FMLA Anti-Fraud Provisions Sometimes Difficult to Enforce

by Matthew E. Johnson

An employee who is unable to work due to a serious health condition may be entitled to a leave of absence and reinstatement under the Family and Medical Leave Act (“FMLA”).  Thus, an employee who does not have a serious health condition is not entitled to a leave of absence.  Recent cases, however, show that some employers are finding it difficult to ensure that their employees obtain FMLA leave legitimately and, in addition, that employees actually use FMLA leave for the intended purposes.

Recent Problematic Cases

The most recent example of this somewhat discouraging trend is a case from Iowa, Jennings v.
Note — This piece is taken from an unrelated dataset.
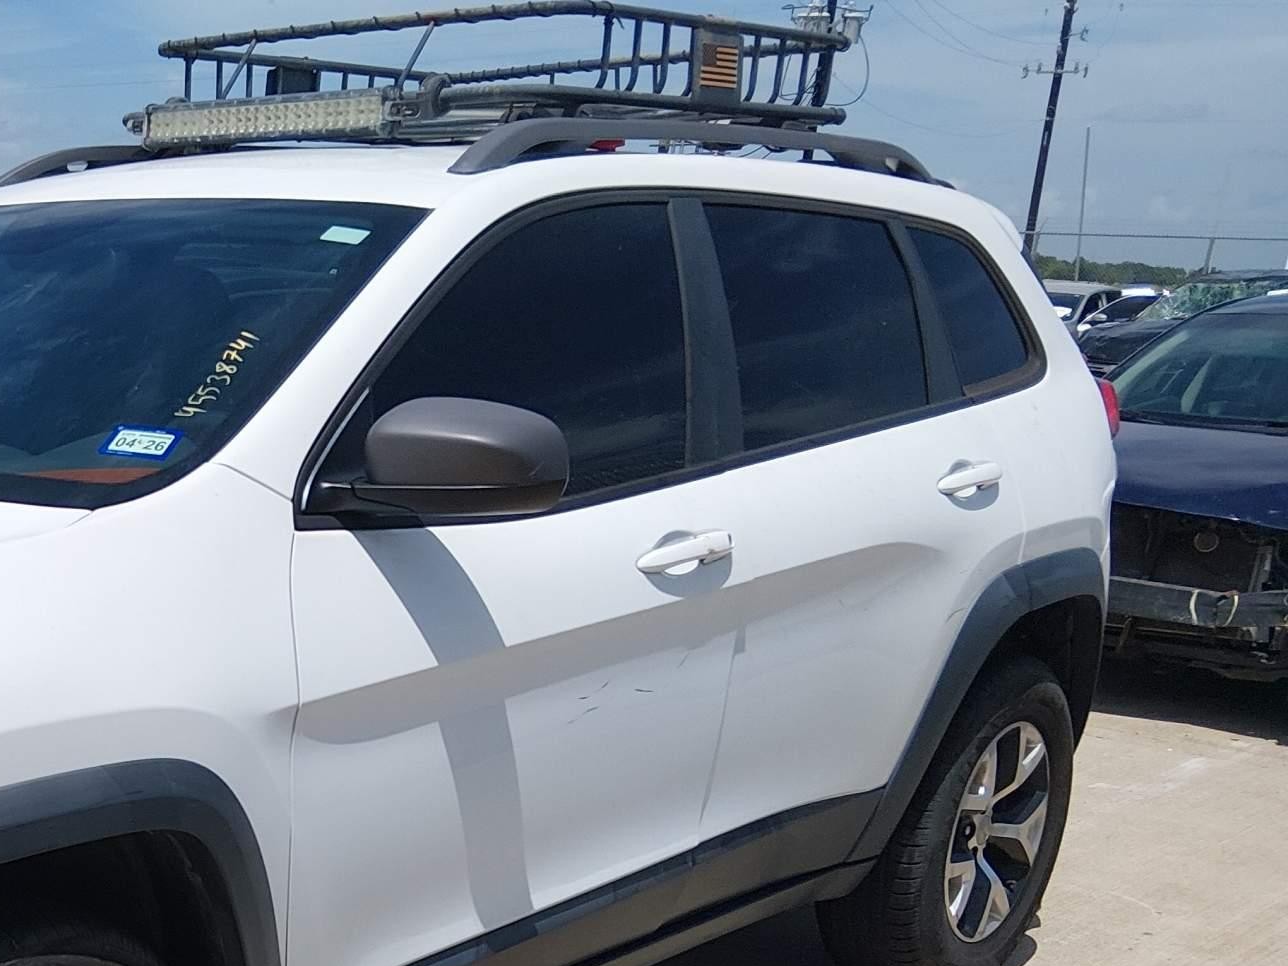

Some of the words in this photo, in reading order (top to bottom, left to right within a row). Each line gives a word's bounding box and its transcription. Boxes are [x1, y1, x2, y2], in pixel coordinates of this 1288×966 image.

[174, 330, 260, 417] 45538741
[115, 437, 138, 448] 04
[142, 440, 167, 452] 26
Mid-American Energy Co., 282 F. Supp. 2d 954 (S.D. Iowa 2003).  The employer terminated an employee after co-workers twice reported seeing her on shopping trips while she was on intermittent FMLA leaves.  In her FMLA lawsuit, the court denied the employer’s summary judgment motion.  The judge reasoned that the employee should be allowed to prove at trial that her brief visit to a Toys R Us store was a permissible use of her leave time.  The judge also ruled that she should be allowed to prove that she had not taken the second shopping trip, which she had denied, although a co-worker reportedly had seen her with “a cartful of goodies” at a Super Target.
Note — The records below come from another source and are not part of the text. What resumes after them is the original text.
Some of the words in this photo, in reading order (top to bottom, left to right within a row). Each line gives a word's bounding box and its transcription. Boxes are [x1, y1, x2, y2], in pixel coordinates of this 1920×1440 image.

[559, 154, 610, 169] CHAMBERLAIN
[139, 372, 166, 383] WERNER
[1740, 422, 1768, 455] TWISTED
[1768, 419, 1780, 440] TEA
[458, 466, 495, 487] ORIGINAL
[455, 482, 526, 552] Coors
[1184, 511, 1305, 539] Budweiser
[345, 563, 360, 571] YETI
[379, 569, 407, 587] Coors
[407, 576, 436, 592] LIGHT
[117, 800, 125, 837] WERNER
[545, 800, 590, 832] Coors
This law firm had a similar experience in a recent case in Minnesota, which resulted in an unpublished decision.  An employee requested vacation time for the express purpose of attending an out-of-state hot-rod convention.  The employer denied his request because he had used all his vacation time.  The next day, he called in sick.  He then submitted a FMLA request form with the certification of a psychologist, who said that the employee needed a 30-day leave because he was suffering from depression.  The employer retained a private investigator, who conducted videotaped surveillance of the employee working on his hot rod outside his home before the convention.  The investigator also videotaped the employee while he was showing his hot rod at the convention.  The employee, as you might expect, was terminated.
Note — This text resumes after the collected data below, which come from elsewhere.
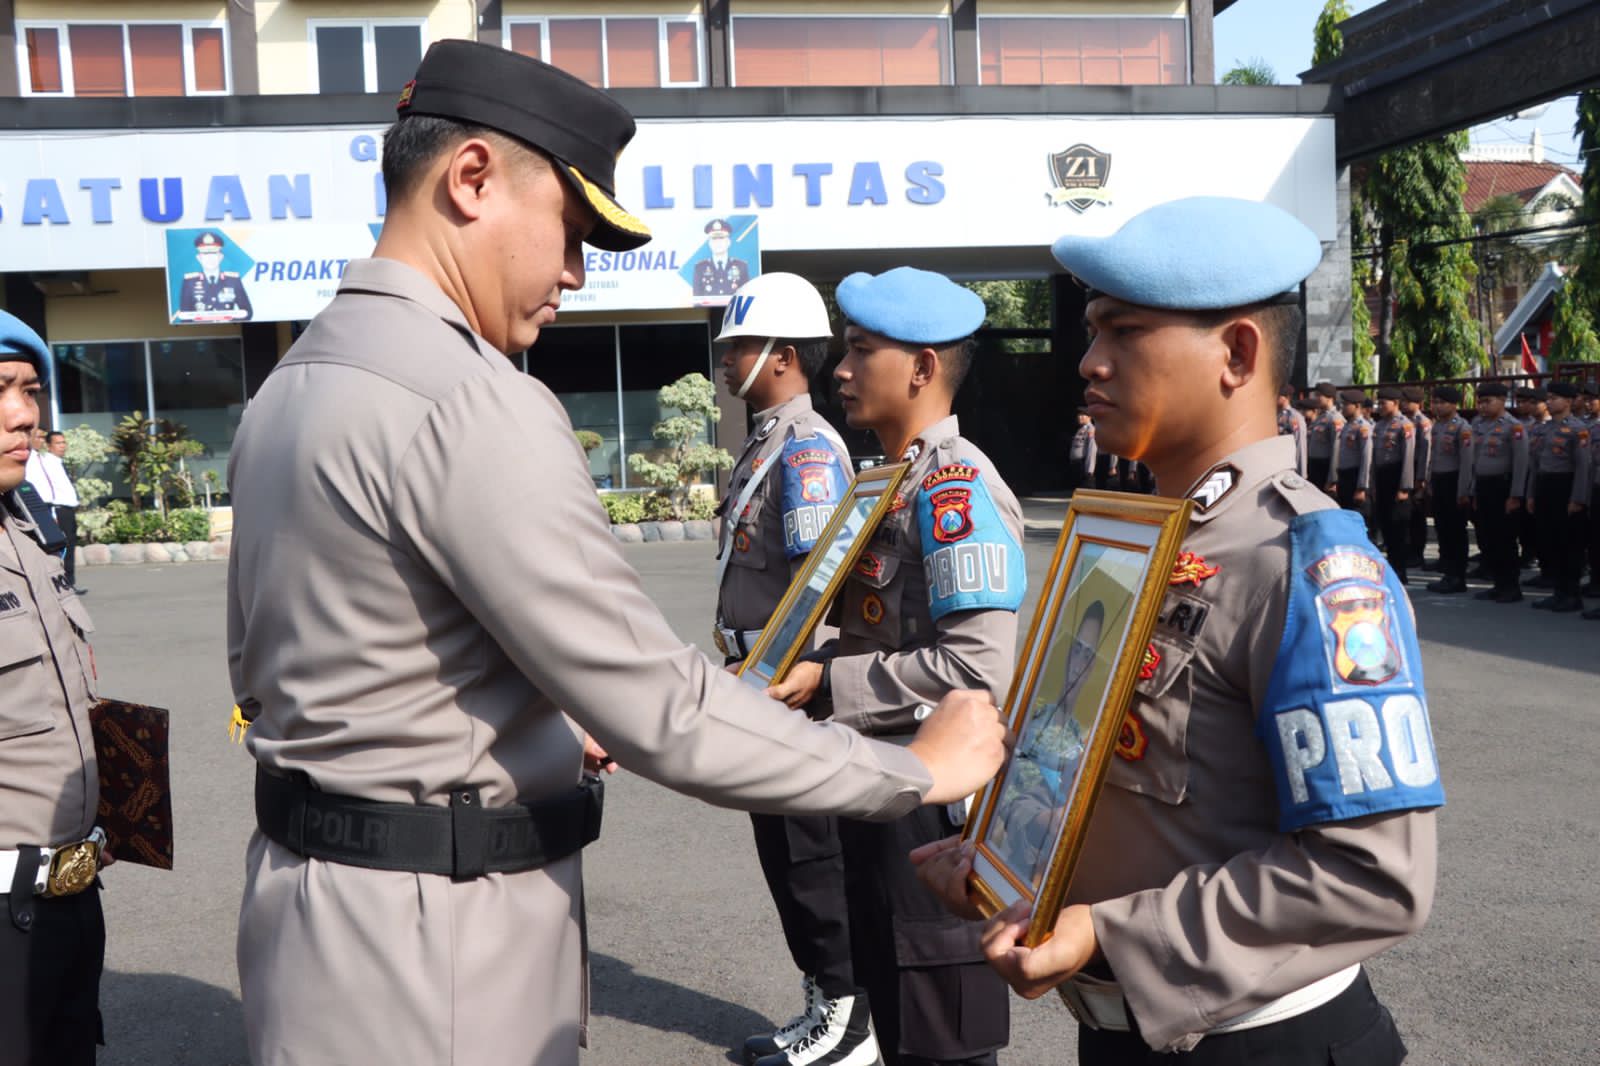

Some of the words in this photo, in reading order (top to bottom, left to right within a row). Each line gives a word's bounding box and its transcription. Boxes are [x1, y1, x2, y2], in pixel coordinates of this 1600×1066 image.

[1065, 156, 1098, 177] ZI
[0, 174, 313, 226] ATUAN
[643, 160, 947, 209] LINTAS
[254, 259, 349, 282] PROAKT
[585, 250, 680, 272] ESIONAL
[783, 505, 838, 548] PRO
[924, 542, 1008, 604] PROV
[1275, 694, 1438, 804] PRO
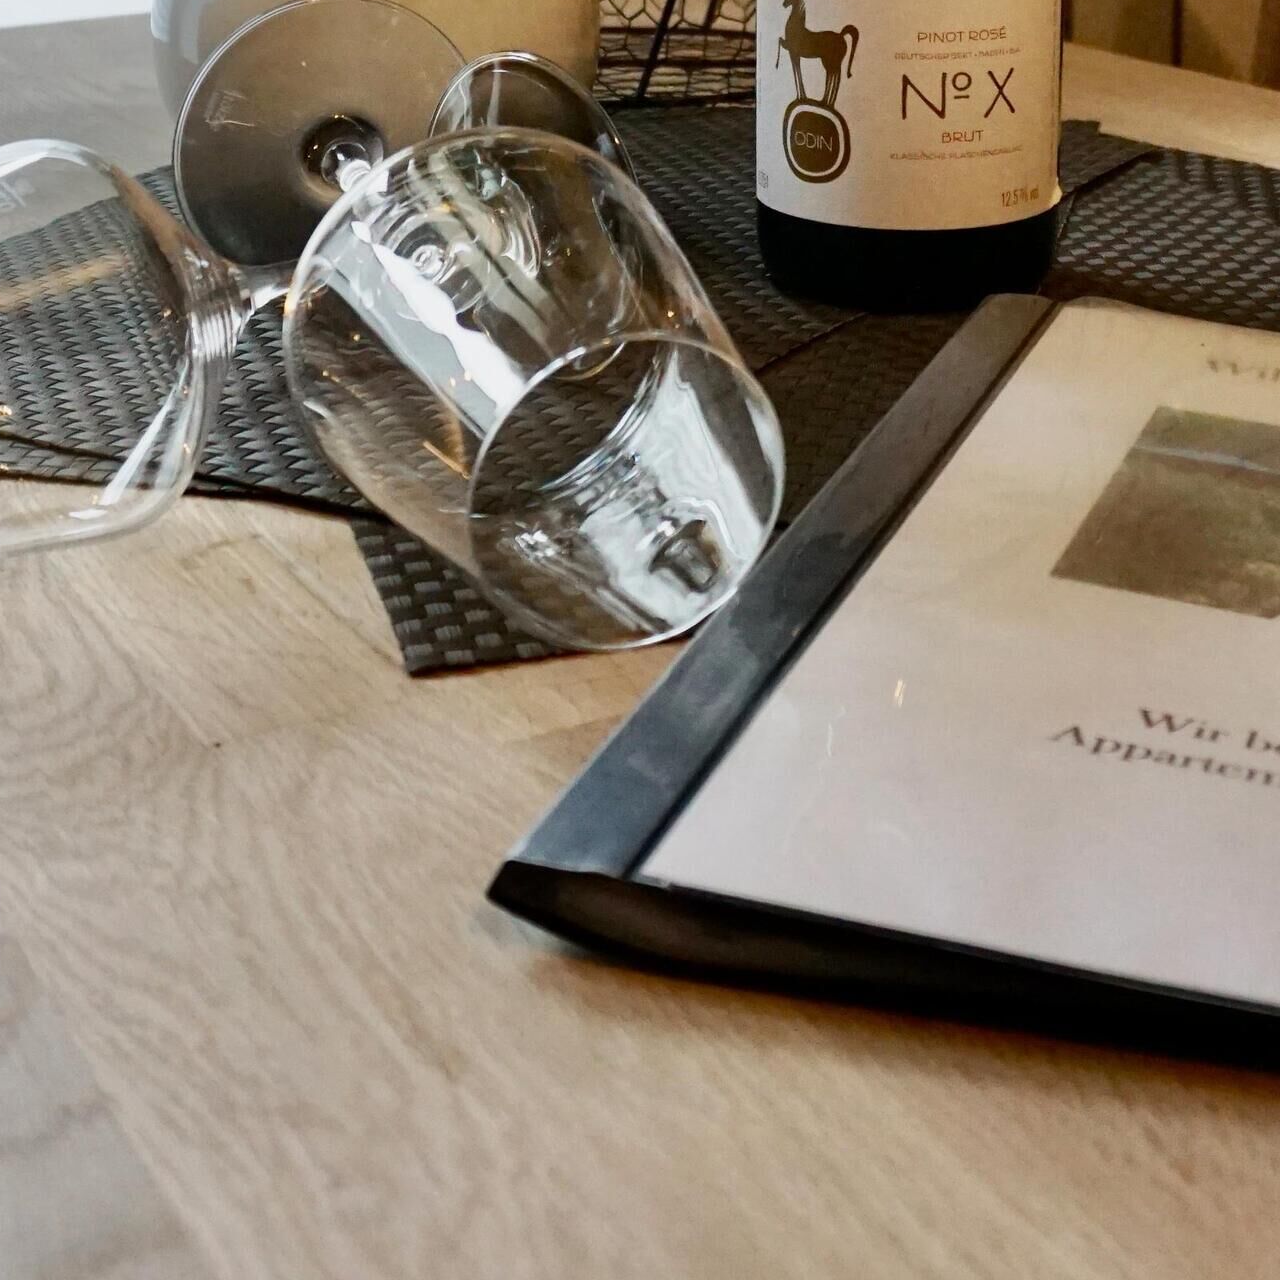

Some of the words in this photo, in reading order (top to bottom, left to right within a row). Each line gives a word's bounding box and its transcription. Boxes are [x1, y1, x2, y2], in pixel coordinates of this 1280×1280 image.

[917, 30, 966, 43] PINOT
[968, 25, 1008, 41] ROSÉ
[983, 66, 1016, 119] X
[794, 131, 833, 152] ODIN
[941, 129, 984, 144] BRUT
[1138, 707, 1229, 742] Wir
Again, however, the employer’s summary judgment motion was denied.  The court ruled that the employee’s claim depended on whether he had a serious health condition, which was disputed in light of the psychologist’s certification.  The judge also ruled that the employee should be allowed to prove that his activities while on leave did not constitute an abuse of his leave.  The case was settled before trial.

The Source of the Problem

These results appear anomalous in light of the fact that the FMLA regulations expressly prohibit fraudulent FMLA leaves.  The regulations state, “An employee who fraudulently obtains FMLA leave from an employer is not protected by the FMLA’s job restoration . . . benefits.”  29 C.F.R. § 825.312(g).  The federal courts, however, rarely have invoked this provision.  Perhaps the regulation is not broad enough for all circumstances since it does not expressly address the situation in which leave was properly “obtained” but later abused.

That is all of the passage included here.